What I’ve noted so far is that ACell has the capacity to eliminate hypopigmented spotting in some FUE extraction sites. Those extraction sites that remained hypopigmented might not have responded or we might not have treated them with ACell. Again, it is impossible to know if all the sites are treated with ACell when you are using the powder or the cut up pieces of Acell. This is why I more recently began working with a gel because it is much easier to administer he gel suspension and it is far easier to verify that we have treated all the extraction sites. Acell also may have the ability to induce hair regrowth in some FUE extraction sites. I did not expect this to occur, but we were able to achieve some regeneration. For example, in a patient who had over 2000 grafts extracted, the number of hypopigmented spots were significantly fewer than the number of extractions, many extraction sites exhibited normal skin tone, and there were not as many empty extraction sites as one would expect following over 2000 extractions. In other words healing was better and some evidence of follicle regeneration was exhibited. Not all patients exhibit hypopigmentation with FUE, but those that do generally have hypopigmentation in all the extraction sites. The presence of both hypopigmented extraction sites and normal skin tone extraction sites suggests, but does not confirm, that Acell played a hand in improving the appearance of many extraction sites. Based on my experience in FUE, I also noted far fewer empty extraction sites than I would have expected following extraction of over 2000 grafts. This suggested, but did not confirm, that Acell may play a role in regeneration of hair follicles in extraction sites. I have also noted in other examples that an injection of a PRP and ACell combination can induce improvement in coverage of native hairs affected by androgenic alopecia in the absence of grafting. We also often treat these native areas with microneedeling and add thrombin to help activate the platelets in the PRP in areas of native hair that are not grafted. Again this practice has improved coverage in some, but we do not have statistically significant data to support our findings yet. A study in Korea showed that the PRP treated side resulted in faster graft growth than the untreated side of the grafted recipient area. Though I have not specifically evaluated this Korean finding, I have not seen confirmation of this Korean PRP study in my anecdotal evaluations.

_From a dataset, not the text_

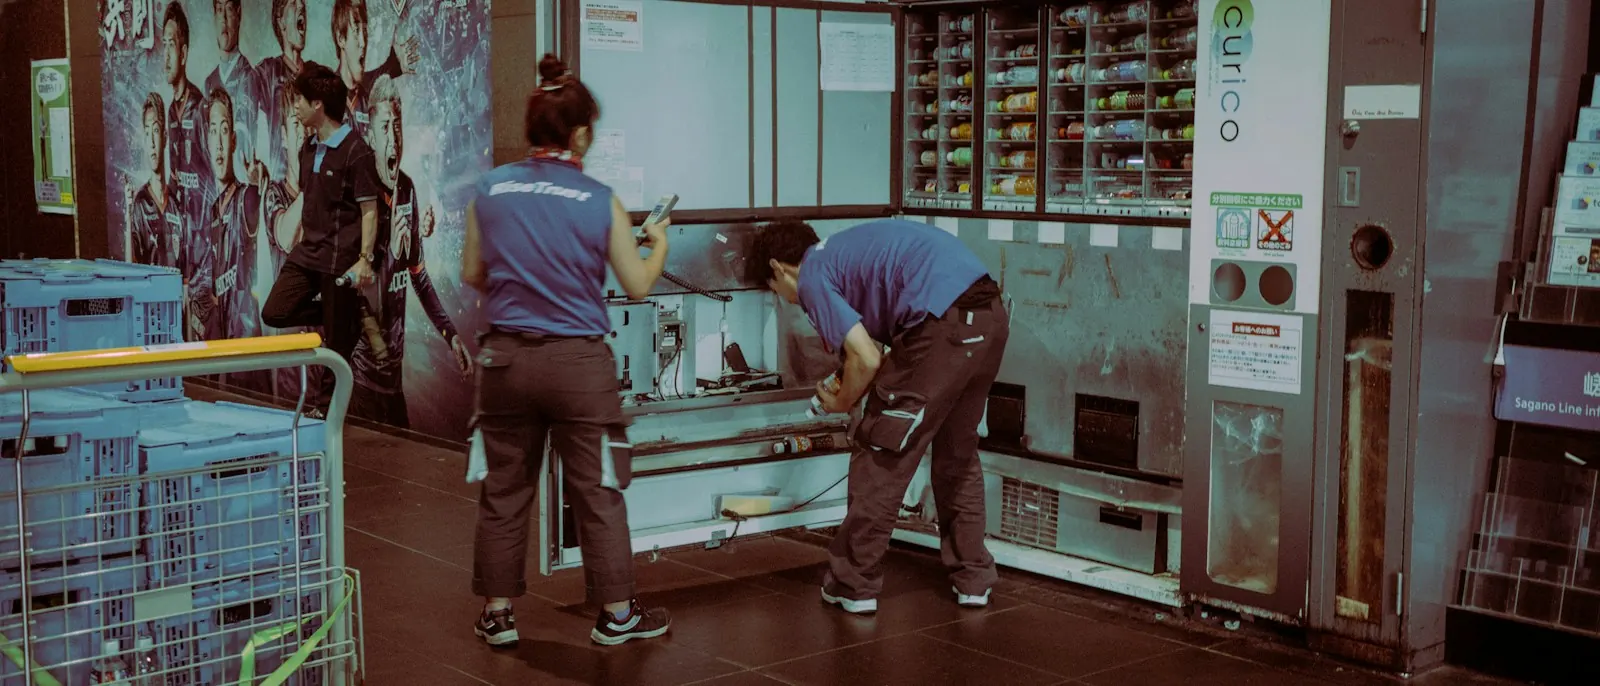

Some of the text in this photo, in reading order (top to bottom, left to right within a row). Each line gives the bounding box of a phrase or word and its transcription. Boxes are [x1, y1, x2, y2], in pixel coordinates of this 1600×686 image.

[1220, 5, 1246, 142] curico
[1515, 396, 1556, 413] Sagano
[1558, 401, 1582, 416] Line

As another example I had one patient who underwent a large session of body hair transplantation. He had excellent growth of his beard hair, but his chest hair did not grow well. In a follow up procedure, I treated his donor scars with chest hair, but this time injected the scars with ACell/Saline 1mg/cc and PRP. The chest hairs grew well this time and grew faster than areas treated with PRP alone with chest hair as well as beard hair. Did the Acell, PRP injections promote a better yield of body hair and did they promote faster regrowth of the body hair? This is yet another question that needs to be answered.